The Radicati Group Inc. found this out the hard way last week. When IBM Lotus partisans took issue last week with the firms recent white paper favoring Microsofts corporate messaging and collaboration product strategy over that of IBM, their rebukes of the report were swift and harsh. But the way that some at the analyst firm chose to respond has stoked an even greater controversy, and the battle has gotten much more personal.
The chain of events started with a posting by IBM Lotus executive Ed Brill on his personal Weblog, which pointed to the white paper. Others in the Lotus community quickly started deconstructing the report in the comments area of Brills site and in their own Weblogs.
At least one analyst from The Radicati Group decided to take the battle back to the bloggers, and posted responses intended to discredit their criticisms of the report—under a pseudonym.
Once it was revealed that a Radicati employee was actually making the posts, e-mails from recently opened Yahoo and Hotmail accounts—traced back to Radicati by Internet addresses in their header information—were sent to some bloggers employers, urging that they fire the bloggers.
As a result, the controversy has moved away from the fairness of the white paper, and has focused instead on the behavior of the analysts themselves. And now, according to sources familiar with the tussle, IBMs lawyers have gotten involved.
"That was absolutely someone else [who sent the anonymous e-mails]," said Sara Radicati, president of The Radicati Group. She added that she is "fairly certain" that no one in her company sent them. But those who have received the e-mails, including messages from a Yahoo account under the name of Daniel Johnson, say the IP addresses in the header information of the messages point straight back to Radicatis network.
One of the bloggers targeted by those e-mails was Bruce Elgort, co-founder of OpenNTF.org, a Notes open-source community. He said an e-mail from Daniel Johnson was sent to the public relations contact for his employer, pointing to his Weblog, "in which he has recently been partaking in and encouraging actions that are truly degrading representations of your company and its beliefs and products, which I have always held in high esteem."
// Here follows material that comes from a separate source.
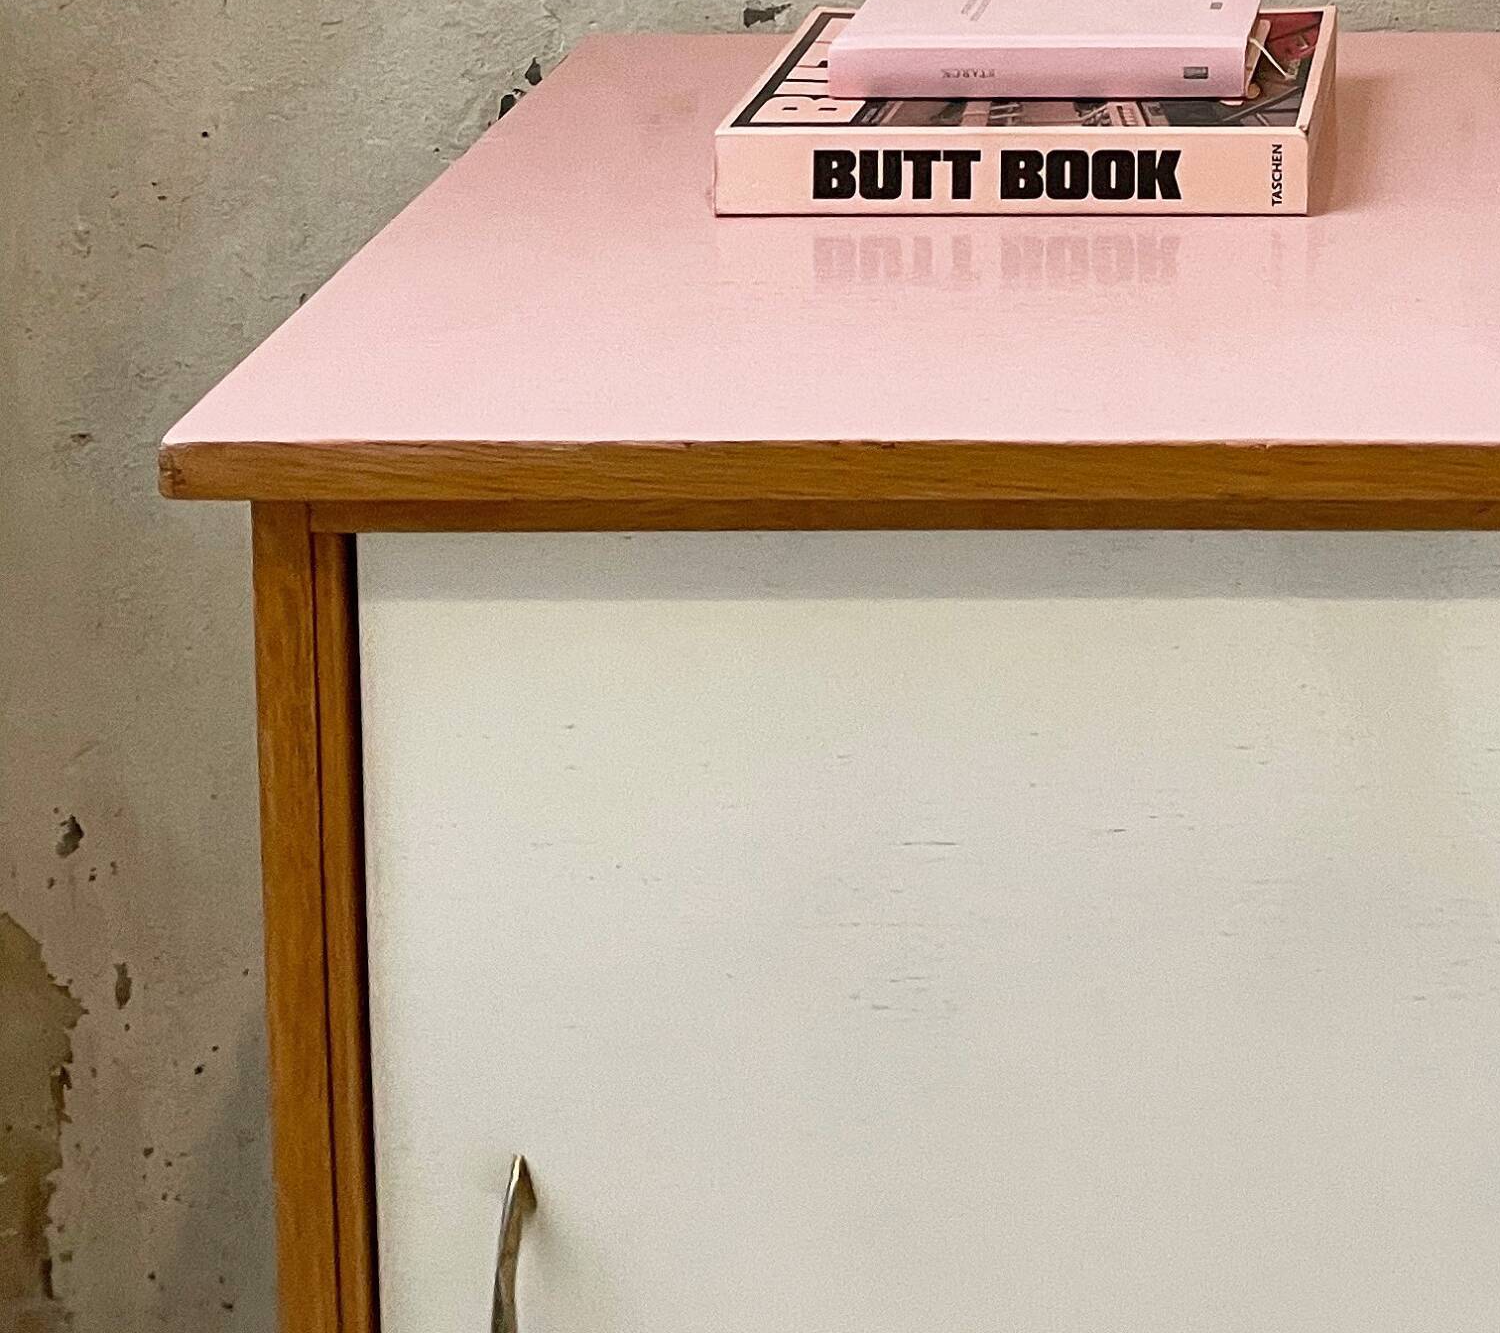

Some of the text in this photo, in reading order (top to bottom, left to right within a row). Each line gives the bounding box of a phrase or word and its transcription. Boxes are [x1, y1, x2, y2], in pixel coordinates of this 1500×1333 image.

[812, 149, 1182, 200] BUTT BOOK
[1271, 144, 1283, 207] TASCHEN
The message went on to call for punitive action against Elgort: "I hope that you take the appropriate action with such a clearly errant employee, who is accomplishing nothing but ruining [your] good name, image and reputation with his malicious online drivel. If you are unable to do so, I will be happy to escalate this matter to someone higher in the organization."
The message gave no contact information; the name "Daniel Johnson" was used in a number of posts to Lotus-related Weblogs regarding the controversy.
"Someone created [the Daniel Johnson account] on July 29," Elgort said. That was two days before someone claiming to be Johnson commented on a blog in response to one of Elgorts comments.
Sources close to IBM report that additional e-mails calling for Brills firing have been received by IBM executives from a number of Web accounts.
Radicati admitted that one of her employees did post to Brills blog. "Unfortunately, one of my employees took it upon himself to respond to some of the blogging," she said. "It was only one small incident, one person saying things about revenues." As a result, she said, "He has been reprimanded."
And Radicati said she has sent e-mails to IBM executives, including Ken Bisconti, vice president of Workplace products for IBM Lotus, urging Brills firing. She has called for Brills dismissal in the past as well, in part for comments he made on his blog referring to her company as "infamous."
Neither Brill nor Bisconti was available for comment.
Radicati said she was surprised by the harshness of the initial response to the white paper. "Im pretty appalled by it," she said. "Wed never seen the discussion stoop to this level [on blogs] before, particularly the viciousness in which things were discussed."
The white paper, a summary of five recently published reports from The Radicati Group, was critical of IBM Lotus handling of its roadmap for its Domino messaging server and the upcoming IBM Workplace collaboration platform, calling it an "end-of-life" strategy for Domino and predicting that "many Domino users will migrate away from the platform."
Radicati said the analysis was based on surveys and interviews with corporate executives with purchasing decision power, and an analysis of the information provided by IBM and Microsoft.
"The people who are writing on blogs—those are Lotus diehards, IT managers and midlevel people whove built their career on Lotus," Radicati said. "Theyre not necessarily the people who hold the purse strings. I think thats where some of the disconnect is."
This affair provides an almost textbook example of the sort of grassroots marketing support that vendors like IBM, Microsoft and Sun Microsystems hope to gain by projecting their corporate presence into the blogging world.
At the same time, it also shows how complicated that interaction can be. To be successful, a companys community relationship should be built on honesty and trust—or at least on trust.
As the open-source company JBoss discovered in May, and the Radicati Group this week, trying to take on such communities through fabricated outside support can rapidly backfire—and even damage the credibility of the company.